Hope this helps though I am just stumbling in the dark.

Don


----------



## Conductorkev (Nov 5, 2021)

DonR said:


> Unfortunately, no Atlas user has replied to your post.
> I have never used the device but found this 'chat' regarding
> the wiring.
> 
> ...



I have all that correct the tt motor is on a old DC transformer. Got dcc going to one incoming (eventually 2 need to lay the track) and also to all 3 stalls of my roundhouse.


----------



## DonR (Oct 18, 2012)

Yes, the turtable approach leads would get power
from your DCC bus...so would each of the
three stall tracks. Let us know if you get
get working.

Don


----------



## Magic (Jan 28, 2014)

Sounds like you will need to pull the TT and see where you're loosing power to the one rail.
I don't know what kind of contacts they use but seems like something is loose.

Magic


----------



## Conductorkev (Nov 5, 2021)

Magic said:


> Sounds like you will need to pull the TT and see where you're loosing power to the one rail.
> I don't know what kind of contacts they use but seems like something is loose.
> 
> Magic



Might be right. Testing so far shows this

Tested leads to the tt. Tests ok at the screws.

Tested tt track going to run up the one going to red side works one going to black side doesn't.

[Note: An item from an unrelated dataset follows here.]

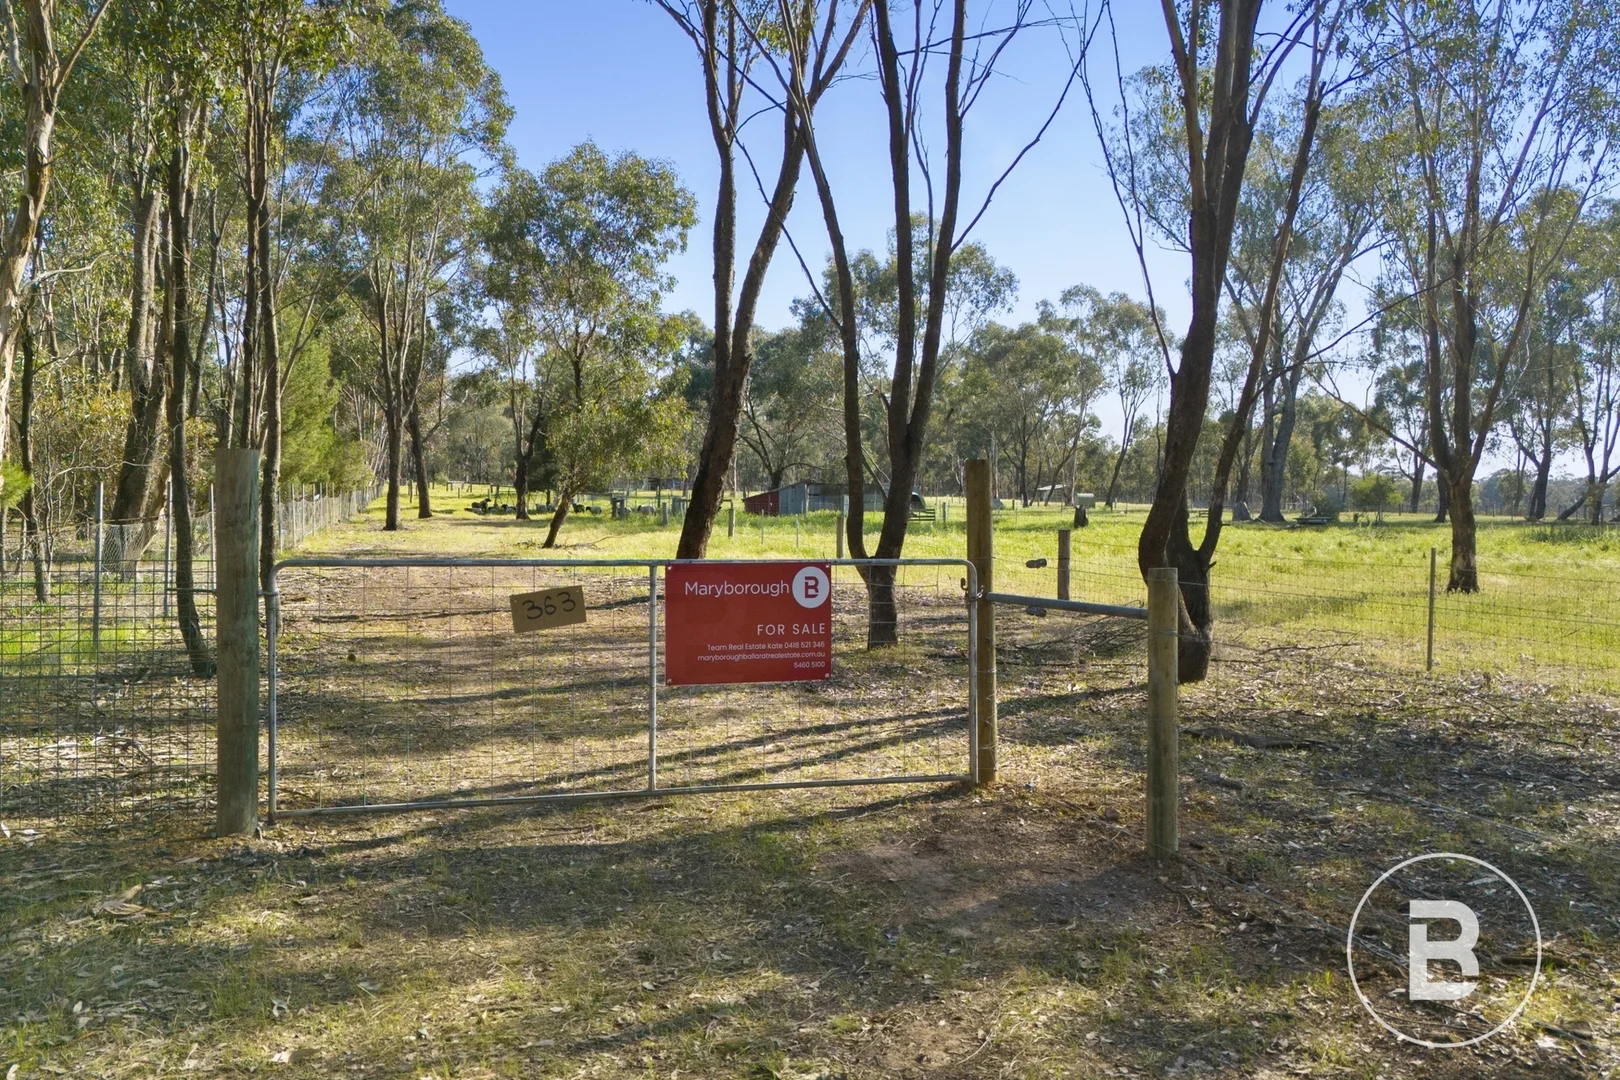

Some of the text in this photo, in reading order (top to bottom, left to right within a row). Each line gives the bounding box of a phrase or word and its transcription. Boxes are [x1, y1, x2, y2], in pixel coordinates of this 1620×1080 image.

My thinking is for some reason the black lead to the tt is not sending tge power from the connection. So looks like I'll have to pull it.


What a pain in the [email protected]@... .


----------



## Conductorkev (Nov 5, 2021)

Uninstalled the turnout ran new wires from the bus. Get power at both red and black at the mounting screws. So flipped it over and tested the metal brackets that sends power to the rails. Got power that way.
I'm at a loss on what I can do next.


----------



## Conductorkev (Nov 5, 2021)

Anyone have any ideas? The problem seems to be that one of the underneath bars is not diverting electricity to the rails. I just bought the thing a cpl months ago and just got around to installing and testing and don't think I can return since it says 30 day return from the place I bought it from.


----------



## Magic (Jan 28, 2014)

Never having worked a TT I can only guess what's the problem.
The link DonR posted mentions slip rings and whatever makes contact with 
the rings is likely the culprit, make sure that this is a solid contact and 
a good wire connection.

Might test OK upside down but not make good contact right side up ?????

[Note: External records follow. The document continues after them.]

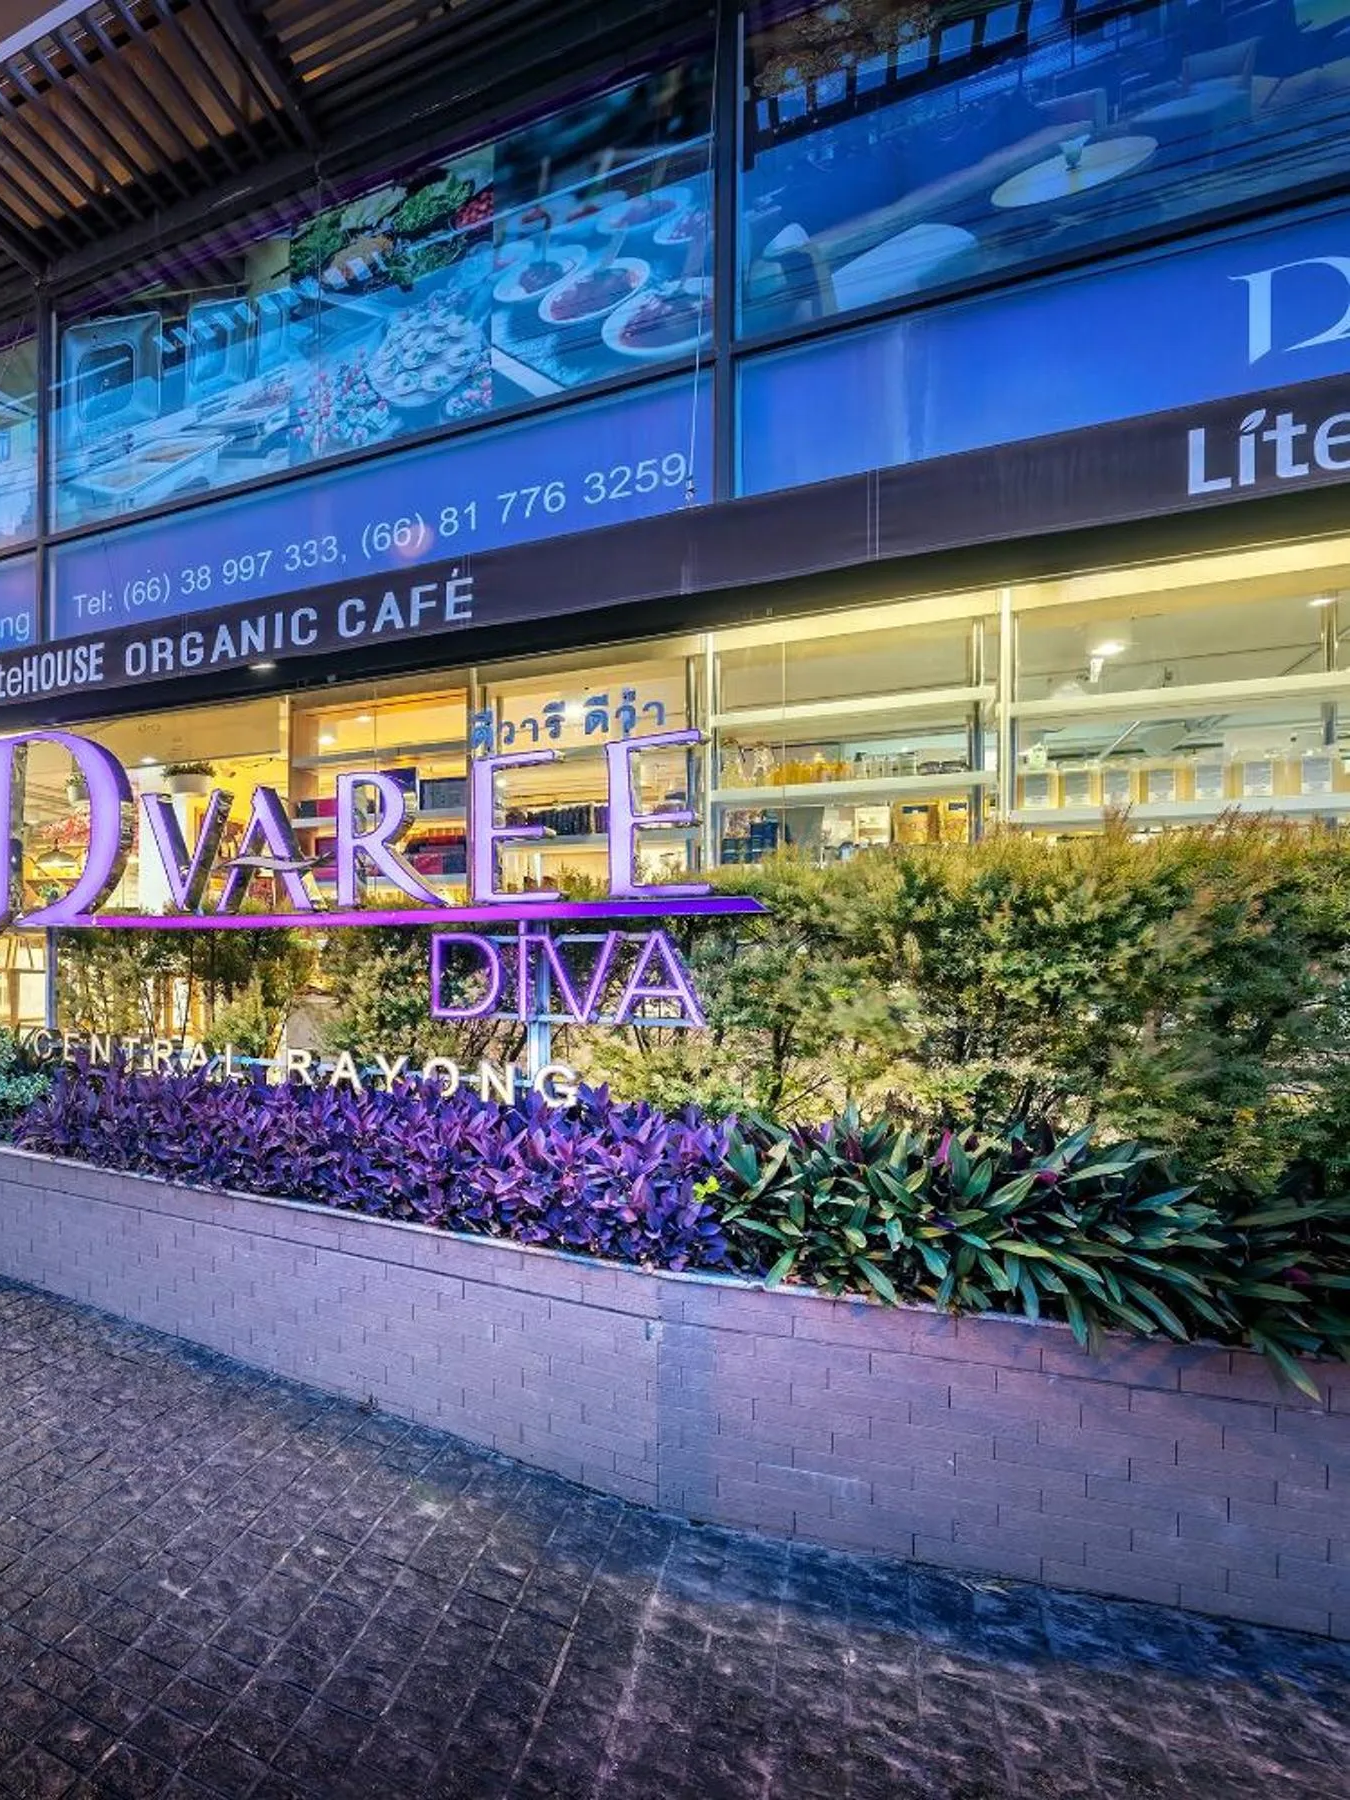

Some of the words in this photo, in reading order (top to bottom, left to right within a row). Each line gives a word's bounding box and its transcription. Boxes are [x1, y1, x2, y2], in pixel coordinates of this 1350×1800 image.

[73, 593, 113, 618] Tel:
[123, 572, 170, 611] (66)
[180, 564, 211, 595] 38
[222, 549, 273, 584] 997
[284, 535, 347, 572] 333,
[362, 513, 426, 560] (66)
[439, 501, 478, 537] 81
[497, 481, 566, 524] 776
[583, 452, 687, 505] 3259
[124, 606, 320, 678] ORGANIC
[337, 568, 474, 638] CAFÉ
[33, 1028, 247, 1082] CENTRAL
[286, 1047, 579, 1108] RAYONG

Only other thing I can suggest is to post this in the HO forum with good pictures of the underside.
Might be someone there that can help but does not visit this thread.

Good luck must be frustrating to have such a strange problem.

Magic


----------



## Conductorkev (Nov 5, 2021)

Magic said:


> Never having worked a TT I can only guess what's the problem.
> The link DonR posted mentions slip rings and whatever makes contact with
> the rings is likely the culprit, make sure that this is a solid contact and
> a good wire connection.
> ...



Actually talked to a support representative with atlas on this yesterday we still isolating the problem. He had me check the contact springs under the track which were fine. I think the problem is the connection from the shorter bar underneath to however it gets to those springs.


----------



## Conductorkev (Nov 5, 2021)

Well I believe the problem has been isolated. The bars send power to ring inside the turntable for some reason one of the bars seem to not making tge connection unfortunately the inside is riveted together so no way I can fix the problem.
I bought it a couple of months ago and it only had a 30 day return policy from the vendor. Atlas told me if I pay shipping to send it back they will fix or replace. So I am going with that option because the other would have been to redo most of my layout as i did not want to buy another one even tho the redo might have been able to run my longer cars ( have 3 passenger cars and a cpl grandolas) my current layout is more geared towards factories and sidings so lots if switches and some atlas snap which I just bought a few peco ones to start getting away from the snaps.

The stuff that I can't run will have to either wait until I move or of I'm not moving my next expansion to the layout which will be a major city that I have two lines heading in that direction.


----------



## Magic (Jan 28, 2014)

I figured that those slip rings were somehow involved.
I've only had one experience with Atlas repairs but it was a good one.
Good luck with it and get as far away from snap switches as possible.

Magic


----------



## Conductorkev (Nov 5, 2021)

Magic said:


> I figured that those slip rings were somehow involved.
> I've only had one experience with Atlas repairs but it was a good one.
> Good luck with it and get as far away from snap switches as possible.
> 
> Magic



Ya atlas support has been very good so far.
As far as their snap switches they have caused so many problems. I went to a train show and bought 2 wyes 2 left and 2 rights of Peco turnouts for 30$ which is a deal so if I do build the city section that will be a start and I'll probably go to a cpl more shows this summer looking for more Peco deals.


----------